Anthropic API Implementation Notes

  • Standard Messages API (POST /v1/messages)
  • Auth: x-api-key header from ANTHROPIC_API_KEY env var
  • Model ID from config enrichment.anthropicApi.modelId

Prompt Design

Thread-Level Analysis Prompt

The prompt receives the last N notes from a discussion thread and classifies the discourse.

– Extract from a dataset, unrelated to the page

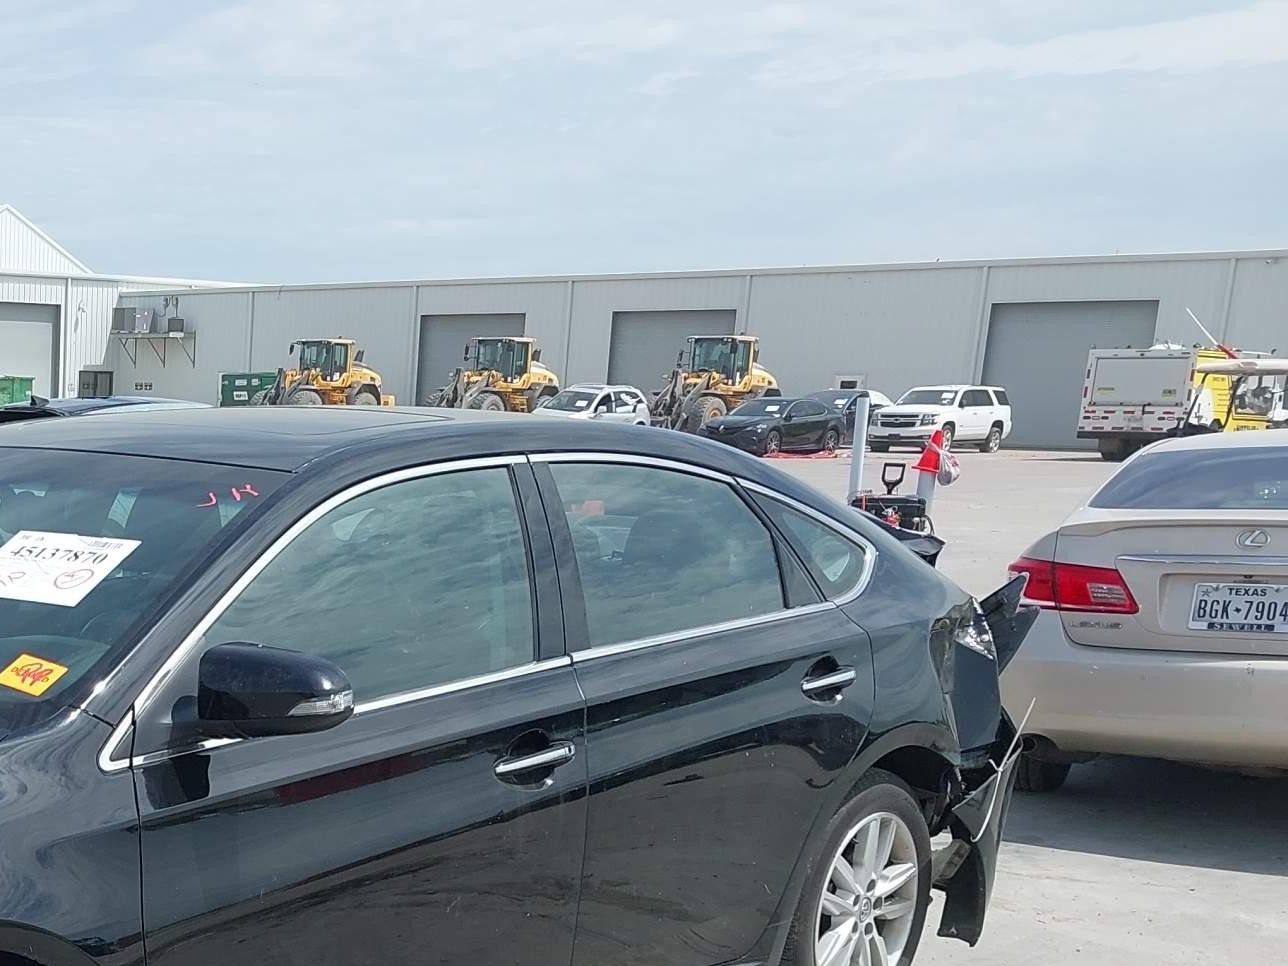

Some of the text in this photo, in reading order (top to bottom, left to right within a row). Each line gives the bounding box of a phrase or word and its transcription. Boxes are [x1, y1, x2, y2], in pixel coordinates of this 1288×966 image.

[10, 545, 109, 565] 45137870
[1227, 587, 1268, 597] TEXAS
[1197, 599, 1288, 622] BGK 7904
[1070, 620, 1123, 629] LEXUS
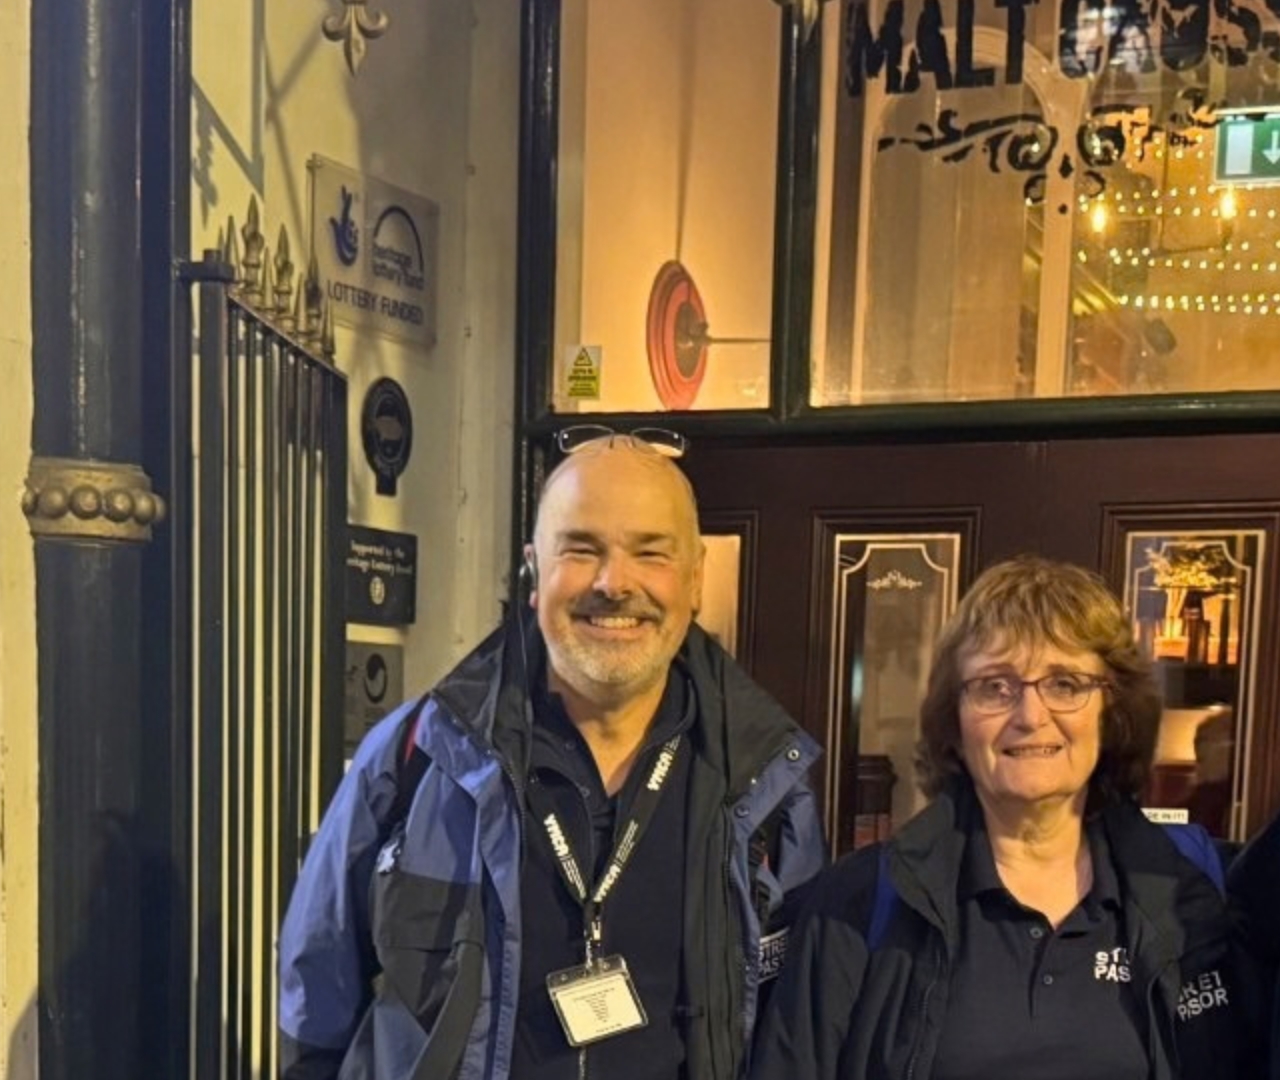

You are analyzing a discussion thread from a software project's issue tracker.

Thread context:
- Entity: {entity_type} #{iid} "{title}"
- Thread started: {first_note_at}
- Total notes in thread: {note_count}

Notes (most recent {N} shown):

[Note by @{author} at {timestamp}]
{body}

[Note by @{author} at {timestamp}]
{body}

...

Classify this thread's discourse. Respond with JSON only:

{
  "analysis_type": "decision" | "question_answered" | "consensus" | "open_debate" | "informational",
  "confidence": 0.0-1.0,
  "summary": "1-2 sentence summary of what was decided/answered/debated",
  "evidence_note_indices": [0, 2]  // indices of notes that most support this classification
}

Classification guide:
- "decision": A concrete choice was made. Look for: "let's go with", "agreed", "approved", explicit confirmation of an approach.
- "question_answered": A question was asked and definitively answered. Look for: question mark followed by a clear factual response.
- "consensus": Multiple people converged. Look for: multiple approvals, "+1", "LGTM", agreement from different authors.
- "open_debate": Active disagreement or unresolved alternatives. Look for: "but", "alternatively", "I disagree", competing proposals without resolution.
- "informational": Status updates, FYI notes, no actionable discourse.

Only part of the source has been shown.